Since we're speaking of context, it would be well to keep an eye on this rumour:

"The White House has dismissed claims George Bush was talked out of bombing Arab television station al-Jazeera by UK Prime Minister Tony Blair."

(FWIW al-Jazeera is not just an Al-Qaedda mouthpiece)

Anonymous said...

Taking out al-Jazeera's HQ would mean bombing Qatar, a Gulf ally. For that reason alone, the mere suggestion that Bush considered an attack is highly troubling.

Even worse than attacking an ally: al-Jazeera is highly popular and highly influential. Bombing it would not just suggest, but prove that the U.S. Administration are the worst sort of bullies.

* * *

Chris Pheonix's observation might have a grain of truth to it, but I don't think economics are sufficient to explain the diminishment of Enlightenment thinking. I think there's a measure of fear involved; fear of what we've discovered and what is yet to come.

I sometimes feel we are in a situation similar to the ones that Olaf Stapledon puts his imaginary civilizations into in his future histories. Faced with a crisis, they either face it with a mixture of sadness and resolution, or shrink into madness and illusion.

Alas, there are no Last Men on telepathically guiding us from Neptune two billion years in the future.

Stefan

Tony Fisk said...

Stefan,
Before you go off the deep end, I would emphasise that the story about Bush wanting to bomb al-Jazeera is a rumour. He may not have said it. It may have been as a joking aside (remember 'we begin bombing (Russia) in ten minutes'?)

(BTW: before someone claims coverup conspiracies when they can't get to the report, the above link is corrupt. Try this:
http://news.bbc.co.uk/2/hi/uk_news/politics/4459296.stm)

Anonymous said...

anonymous

"Taking out al-Jazeera's HQ would mean bombing Qatar, a Gulf ally. For that reason alone..." it is obviouse that the story isn't true

Palliard said...

However, now that we're developing automation, people can be many times as productive, and we don't need all that productivity.

I think the meme is the future doesn't need you.

We're going past the point where everyone shops at, and works for, WalMart... thanks to self-service checkout at WalMart, you may not even be able to get a crappy job there.

Meanwhile, our society is becoming more economically stratified rather than less. Maybe that horrible dystopian future we were all looking forward to isn't that far away.

Rik said...

Fukuyama claimed an End of History (no more ideological development).

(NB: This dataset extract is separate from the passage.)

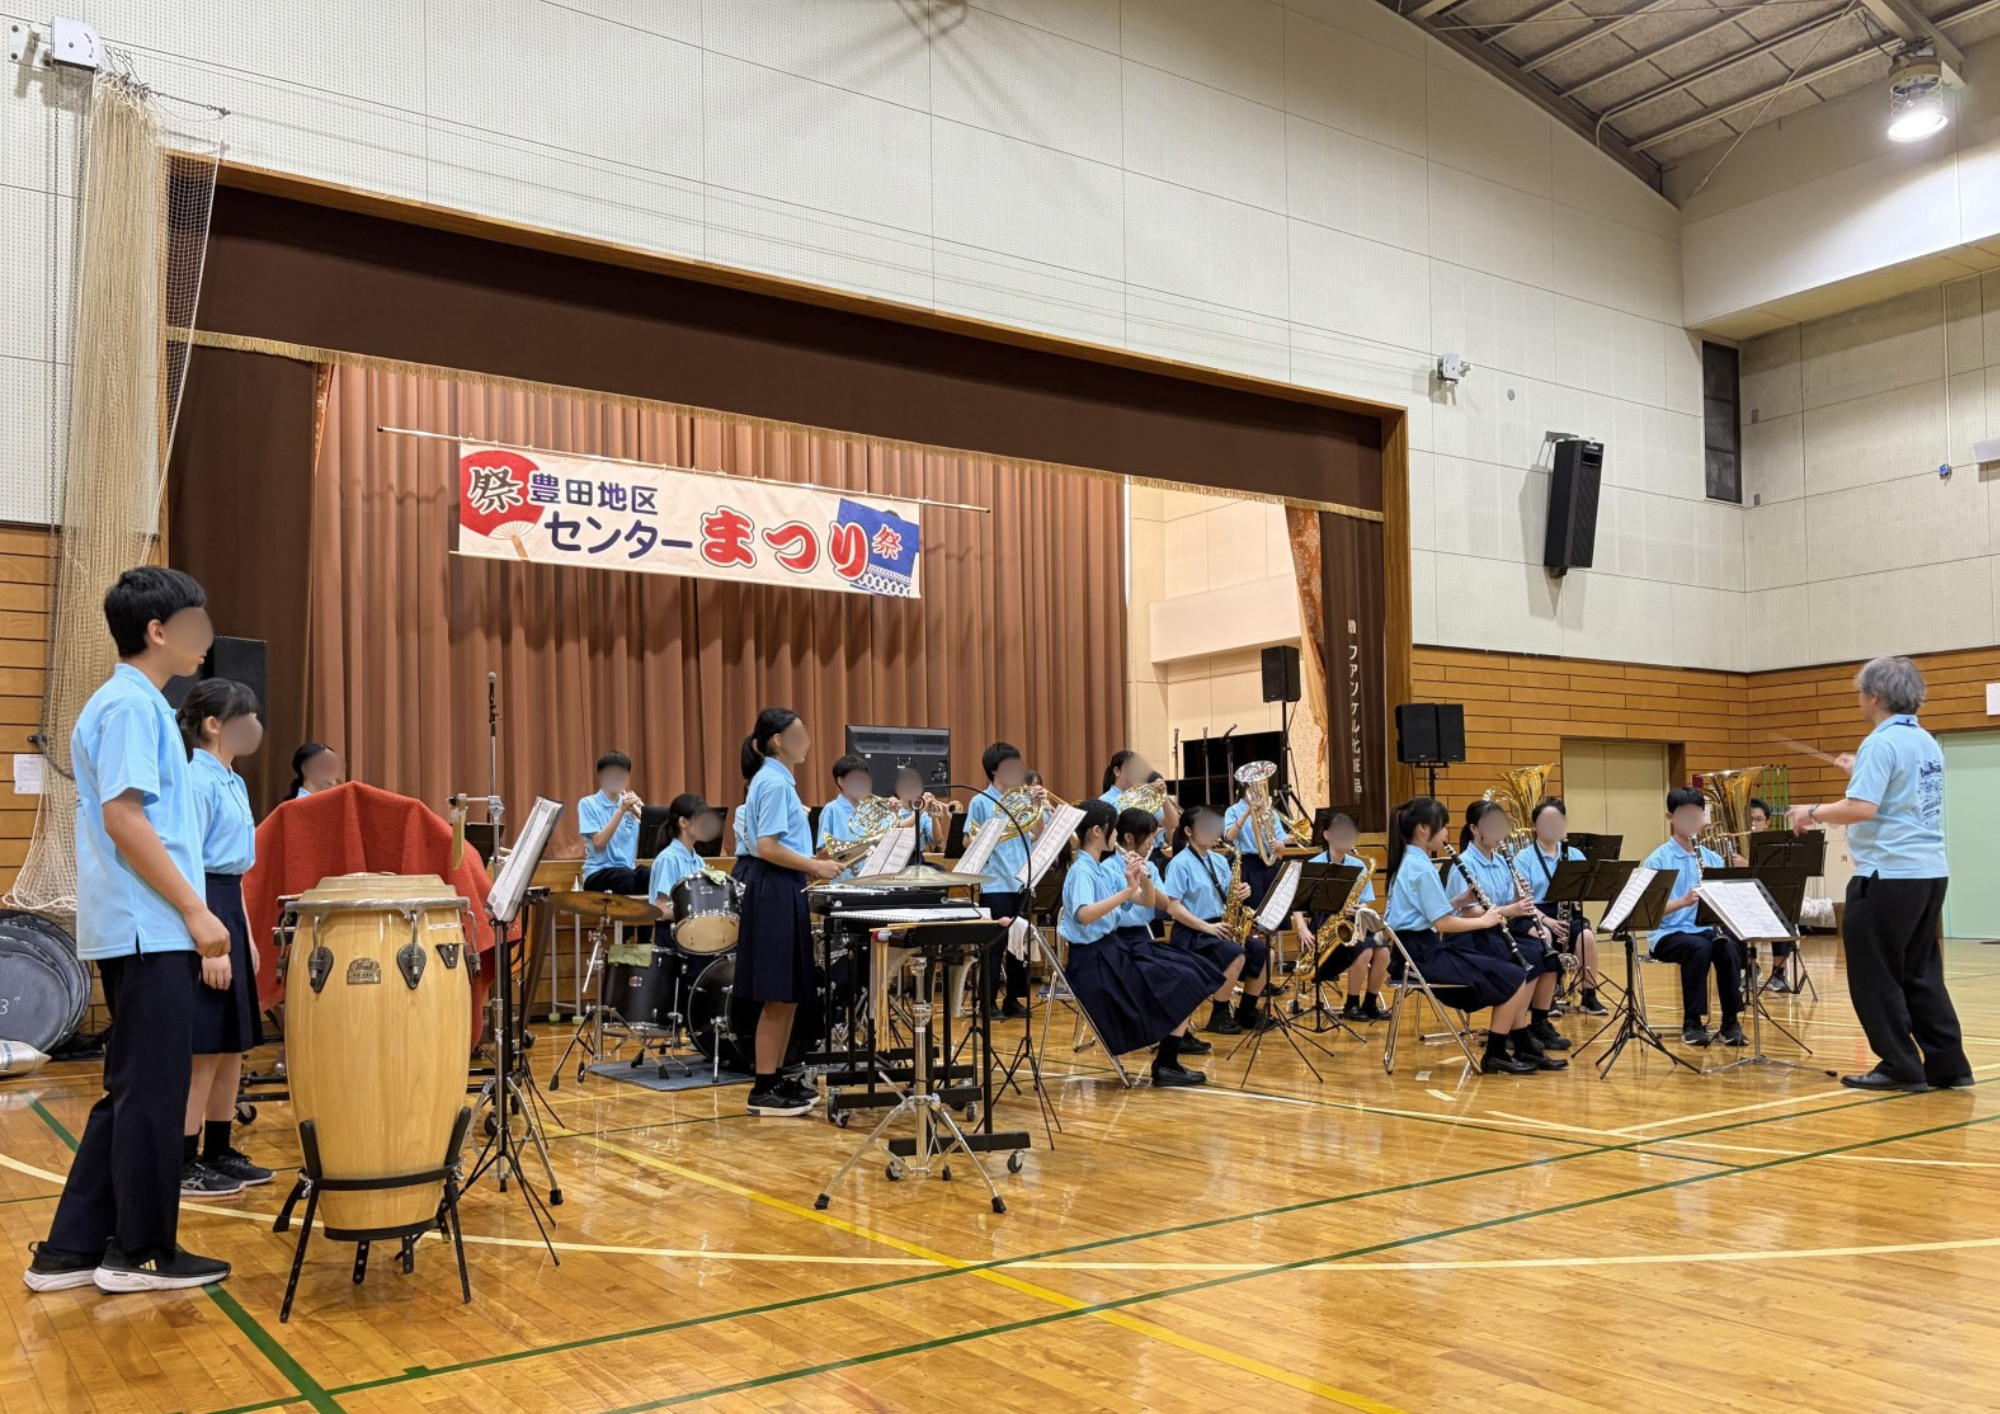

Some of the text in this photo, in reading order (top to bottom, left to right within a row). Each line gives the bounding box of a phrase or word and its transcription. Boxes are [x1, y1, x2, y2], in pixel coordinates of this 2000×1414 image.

He got it all wrong: the 20th century ideologies were all romantic AND anti-modern. That meme is around again. The US is slowly getting sucked into a European fin-de-si├Ęcle. What do you think: The Enlightenment will defend itself? Hello? Fight for your right you must!! (sorry, dr. DB)

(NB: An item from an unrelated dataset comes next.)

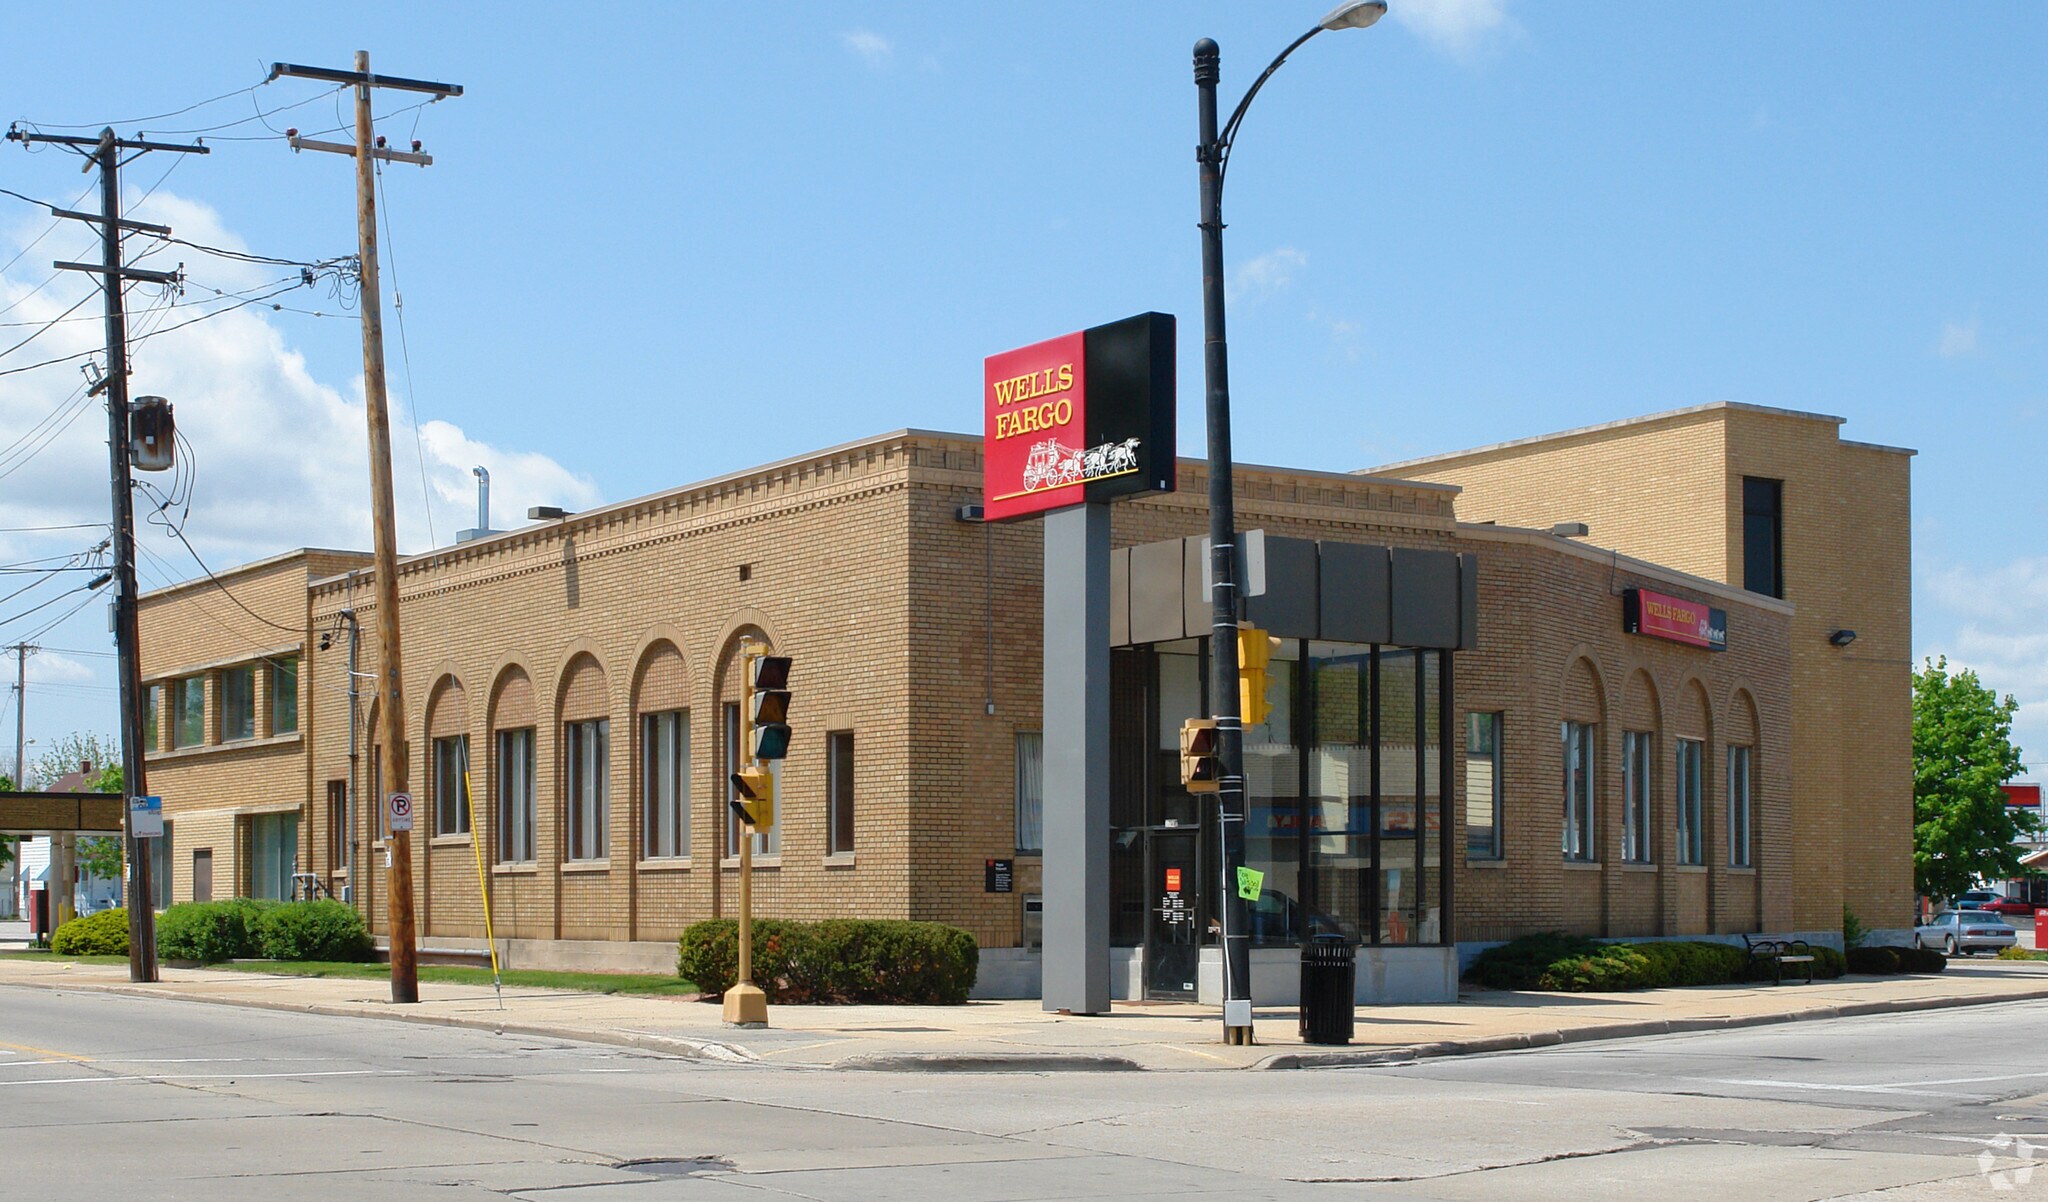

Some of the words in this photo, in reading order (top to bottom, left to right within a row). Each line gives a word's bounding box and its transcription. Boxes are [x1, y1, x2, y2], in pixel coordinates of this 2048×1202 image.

[993, 363, 1074, 406] WELLS
[995, 398, 1073, 440] FARGO
[1646, 601, 1672, 618] WELLS
[1672, 608, 1696, 624] FARGO

The kind of tech Chris Phoenix desribes will create a world where there is no Wal-Mart. Molecular manufacturing - if we ever get it - will do away with scarcity (and the entire system that is built on it).

Last but not least: sigh. So polluting Big Corp has got something to lose and greenies don't ...rrright. I do prefer The skeptical Environmentalist. It's like most enviro's think science justifies economic stasis and we will all be perfectly happy in a neo-agrarian world. And there all these silly predictions: no one trusts the weather forecast for next week; why - let alone use it to abandon everything - would you trust the weather forecast for 2100?
You know, I would rather trust Shell than Greenpeace. Shell was severy punished for nonexisting reserves, but GP cannot be held accountable. One wishes it too was traded on the stock market...

Anonymous said...

Rik...

Greenpeace is a gnat... annoying, but not dangerous.

Shell oil has bought Presidents in the past. It has overthrown governments.

HH

Woozle said...

What always bothers me about these "Robots Ate My Job!!" scenarios (which I've personally been hearing since the 1970s, though I'm sure they've been around longer than that) is this: So you have a situation where people have to do less work to create more wealth. This is bad?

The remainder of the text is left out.